La Guardia di Finanza di Savona, sotto il coordinamento della Procura della Repubblica, ha eseguito un’ordinanza di custodia cautelare agli arresti domiciliari nei confronti di una ex consulente finanziaria, da anni in pensione e cancellata dall’albo professionale dal 2014. Secondo quanto ricostruito dagli investigatori, la donna avrebbe continuato a operare illegalmente nel settore, raccogliendo e gestendo i risparmi di 112 clienti, molti dei quali fidelizzati nel tempo, promettendo rendimenti elevati e sicuri.

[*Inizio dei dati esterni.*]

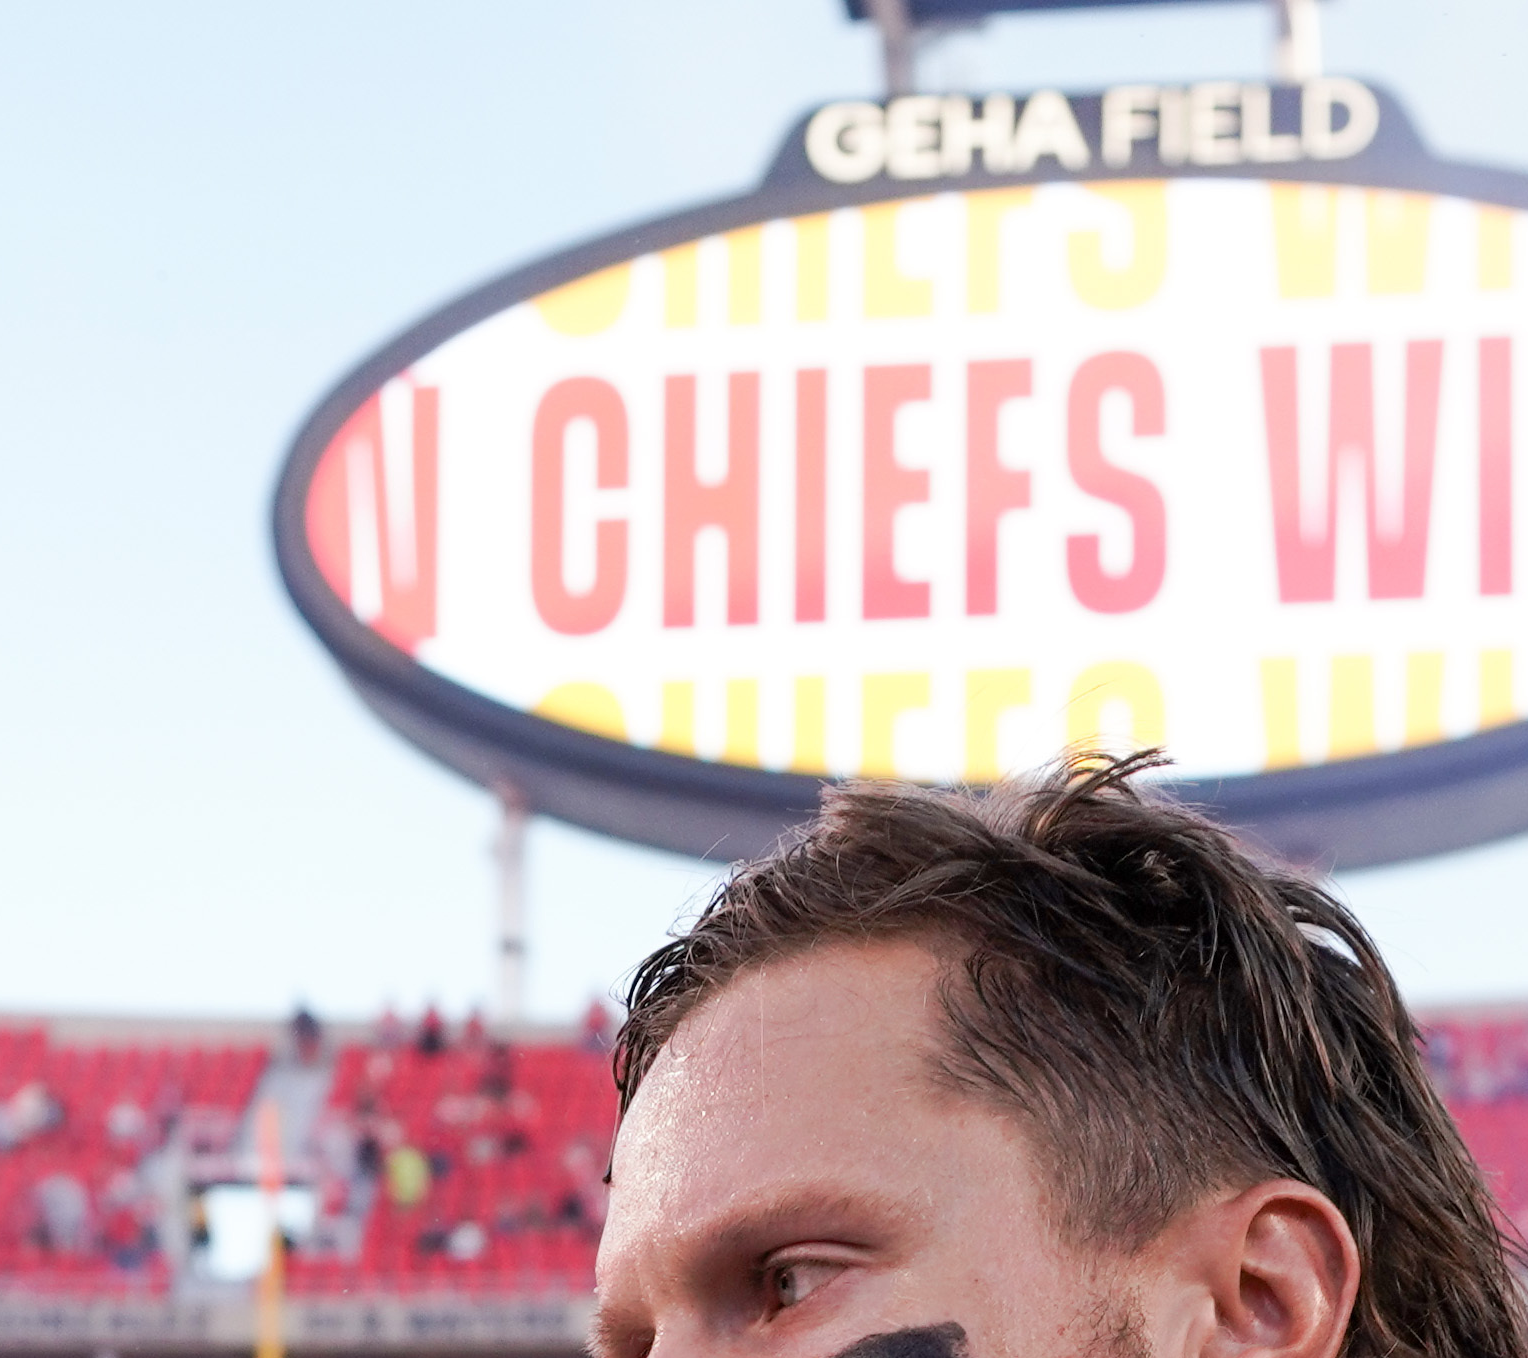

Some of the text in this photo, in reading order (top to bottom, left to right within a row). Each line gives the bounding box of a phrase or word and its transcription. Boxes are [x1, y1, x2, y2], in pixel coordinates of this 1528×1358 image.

Le denunce dei risparmiatori
Le indagini, avviate dopo la segnalazione di operazioni sospette e le denunce di diversi risparmiatori, insospettiti, in alcuni casi, dalle mancate restituzioni di denaro negli ultimi due anni. hanno fatto emergere movimentazioni bancarie per oltre cinque milioni di euro tra il 2020 e il 2025. Le somme, secondo l’ipotesi accusatoria, venivano trasferite sui conti dell’indagata, dei familiari e di una società di famiglia, alimentando un presunto sistema piramidale di tipo “Ponzi”. In realtà, i fondi comuni e gli investimenti proposti non esistevano, mentre ai clienti venivano mostrati prospetti falsificati che attestavano rendimenti fittizi.